Monday, October 6, 2014

Monday writing: Georges Polti's dramatic situation of supplication

In an English class a long time ago, I remember my teacher posing this question: "How many plots are there?"

I remember it being a written multiple choice question, perhaps a worksheet. The answers were something like "Who knows? Thousands, maybe millions, an infinite number," "thirty-six," "twenty," and "just two." I remember scoffing at the last three. How could anyone say there are just two plots, let alone twenty or thirty-six? I mean, there are far more books than that, and they are all different!

Well, as I came to find out in that class, plots can be generalized and placed into different categories, so even though the details might be different, the underlying plot could be identical in two otherwise completely different stories.

So, each one of those answers multiple choice answers was actually "correct" according to how you personally view plots. I think two is too low a number (basically, that would categorize plots as either internal conflict or external conflict), but as a writer, it definitely helps to be able to categorize my plot in some way.

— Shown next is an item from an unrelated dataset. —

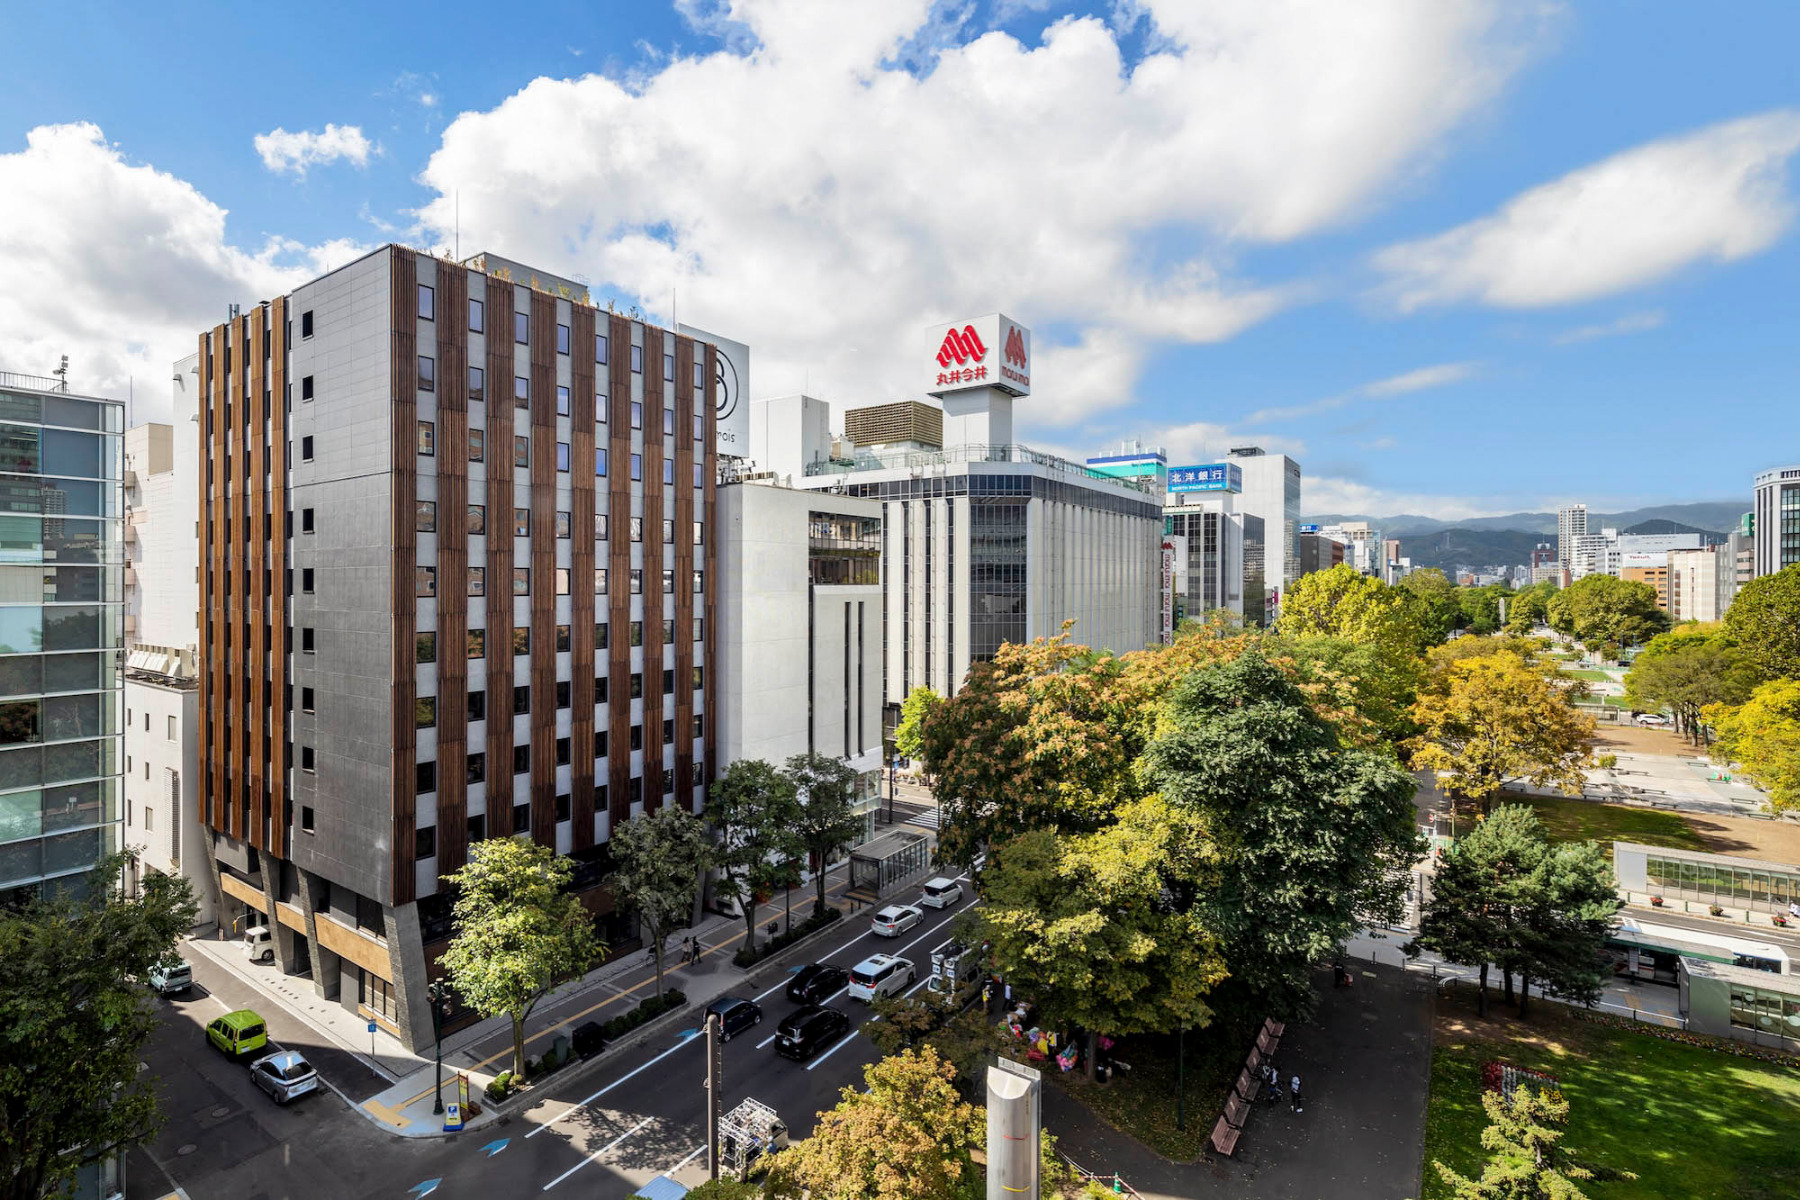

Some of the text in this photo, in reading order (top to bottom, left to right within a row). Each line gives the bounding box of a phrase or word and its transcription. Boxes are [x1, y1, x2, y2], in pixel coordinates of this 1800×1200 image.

[936, 365, 987, 386] 丸井今井
[1172, 469, 1223, 483] 北洋銀行

One set of plot categories was described by a nineteenth century French writer named Georges Polti. Specifically, they are thirty-six dramatic situations that he felt encompassed all story plots. As suggested by many, some of the situations are a bit outdated, so most people don't pay much to mind to them in favor of more modern (and fewer) plot categories. I agree, though I still find them interesting and would like to talk about each one.

The first situation is called "supplication." If you have terrible vocabulary skills like I do, here is a quick definition: a humble and earnest request. Right away, that sounds a bit old-fashioned. It also sounds like an odd way to describe a plot.

The basic elements of the supplication plot is the Persecutor, the Supplicant, and the Authority who has the power to grant the request. The description for the Authority further says that he often does not know if helping the Supplicant is the right decision.

A basic summary of a supplication plot is that the Supplicant is harassed by the Persecutor to the point where the Supplicant must beg the Authority for assistance. For example, perhaps a fugitive is running from the cops and begs an innkeeper to hide him, or perhaps a homeless woman is begging for charity after being estranged from her family. Typically, the Supplicant may have actually done something gravely wrong, but you are made to feel great sympathy for the Supplicant and hate for the Persecutor. Even though the Authority often doesn't know if he should help the Supplicant, you want him to help the Supplicant. You recognize the desperation of the Supplicant and want him to get what he needs.

You can see how this general description could be expanded into a full plot, and once you understand the core of it, it actually isn't old-fashioned at all. Even in our own lives, we see examples of Supplicants and Persecutors and have experienced being in both roles, though it is being the supplicant when we suffer the most which can allow a writer using this plot to stir a lot of emotions in readers.